Şahinalp, M. Vehbi, “Kur’an-ı Kerim’de ‘Mütref’” Kavramı üzerine bir makalesinde de anlatmaya çalıştığı gibi, Kur’an-ı Kerim’de kınanan özellikler üzerine ilginç tesbitlerde bulunur. Mütref, refah, zevk, eğlence peşinde koşanlara denirken, Batar eldeki imkânla yetinmemek, zenginlikte şımararak azıtmak, ihtirasla istemek, büyüklenerek hakkı kabul etmemek, kendini beğenmişçesine çalım satarak yürümek, nimeti inkâr etmek, nankörlük yapmak, nimetin kadrini bilmemek, şükretmemek anlamlarını ifade eder. el-Eşer “Batar”dan daha baskın şekilde aşırı derecede şımarmak, zenginlik sarhoşluğu içinde, “ne oldum delisi” olmak, lüks hayata düşkün olmak gibi anlamlar içermektedir. el-Merah ise
ölçüyü kaçıracak şekilde aşırı sevinç, kendini beğenmişlik, zorbalık, kabalık ve şımarıklık anlamlarına da gelmektedir.

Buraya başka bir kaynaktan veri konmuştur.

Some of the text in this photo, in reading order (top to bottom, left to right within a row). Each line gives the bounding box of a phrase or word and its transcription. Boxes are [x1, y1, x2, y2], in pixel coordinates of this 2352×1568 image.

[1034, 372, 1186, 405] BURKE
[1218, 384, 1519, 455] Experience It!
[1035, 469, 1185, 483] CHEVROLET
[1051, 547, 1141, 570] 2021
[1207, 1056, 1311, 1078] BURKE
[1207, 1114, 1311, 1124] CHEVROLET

Çok yiyen, obur kişiler de kınanır kitapta.. et-Tuğyan mal ve makam, güç sarhoşu olup azıtmak, taşkınlık yapmak anlamına gelmektedir. el-Utüll çok yalanlayıcılar, insanlara yaranmak için yağcılık, yalakalık, moda tabiri ile tetikçilik ya da trollük yapanlar, çok yemin eden aşağılık kimseler, herkesi ölçüsüzce ayıplayıp kötüleyen, söz getirip götürenler, hayırlı kişi ve işleri engelleyen, saldırgan, günahkâr kimseler, zorba, saygısız, kendilerine Allah’ın ayetleri okunduğu zaman: “(Bunlar) Eskilerin uydurma masallarıdır” diyenler ya da ayetlerin hatırlatılmasından rahatsız olanlardır.

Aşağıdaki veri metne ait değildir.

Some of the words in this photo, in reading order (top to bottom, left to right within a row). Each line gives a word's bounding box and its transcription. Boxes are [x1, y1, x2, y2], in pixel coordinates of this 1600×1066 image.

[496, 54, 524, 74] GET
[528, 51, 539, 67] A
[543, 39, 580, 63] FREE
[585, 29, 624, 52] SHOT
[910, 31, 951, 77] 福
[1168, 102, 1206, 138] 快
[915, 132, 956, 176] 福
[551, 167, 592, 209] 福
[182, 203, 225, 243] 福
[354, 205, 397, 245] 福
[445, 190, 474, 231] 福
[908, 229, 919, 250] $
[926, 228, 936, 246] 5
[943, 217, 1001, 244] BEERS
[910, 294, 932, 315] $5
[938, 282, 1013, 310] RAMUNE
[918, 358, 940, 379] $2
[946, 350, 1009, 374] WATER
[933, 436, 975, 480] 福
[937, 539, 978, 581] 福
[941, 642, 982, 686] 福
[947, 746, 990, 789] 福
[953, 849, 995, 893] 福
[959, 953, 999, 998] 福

Güç, servet ve iktidar sahibi olduktan sonra İlahlık ve Rablik taslarcasına, insanlara hüküm koymaya, onları kendi hesap, heva ve heveslerine göre terbiye etmeye kalkan bir şekilde zengin olup, dünya işlerinde başarılı gözükenlerin sarhoşlukları konusunda insanlar dikkatli olmalıdır. Bunlar hayatı kumar olarak gören, fuhşa batmış, ikiyüzlü, yalancı ve fasık kişilerdir genellikle. Bunlar hem gazaba uğrayacak olanlardır ve hem de kendilerine meyleden toplulukların helakına sebeb olurlar. Her zaman, her yerde ve her konuda bunlardan uzak duralım. (Nefsin hastalıkları ile ilgili notları bazı ahlak kitapları ve makalelerden derledim.)
Bakın, Allah’ın kolaylaştırdığından daha kolay, zorlaştırdığından daha zor bir iş yoktur. “Gayeye giden her yol meşru değildir”(!?) Allah’ın herhangi bir şeye mecbur edemezsiniz. Hayır da şer de Allah’ın iradesi içindedir. Bizim O’nun rızasına tabi olmamız gerekir. Bize hayır gibi gelen şeylerde şer, şer gibi gelen şeylerde Allah hayır murat etmiş olabilir. Biz bilmeyiz Allah bilir. Biz Allah’tan “hayırlısını” isteyelim. “Bizi nimet verdiklerinin yoluna ilet, gazaba uğrayanların değil” diyelim. Allah’ın “Bize hakkı hak, batılı batıl göstermesini” dileyelim. Hakta toplanmamızı nasib etmesini isteyelim ve o yönde ilerleyelim.
Bakın, malımız, canımız, çocuklarımız, sevdiğimiz ne varsa, o şey bizim için bir “fitne”, zor bir imtihan olabilir. “Dua ile istenen bela”ya dönüşebilir. Şeytanın oltasına taktiği yeme, dönüşebilir. Para, pul, makam, şehvetle istediğiniz, sizin için “idol” olan her şey bir puta dönüşebilir. İhtirasla istediğiniz her şey sizin imtihanınız olur!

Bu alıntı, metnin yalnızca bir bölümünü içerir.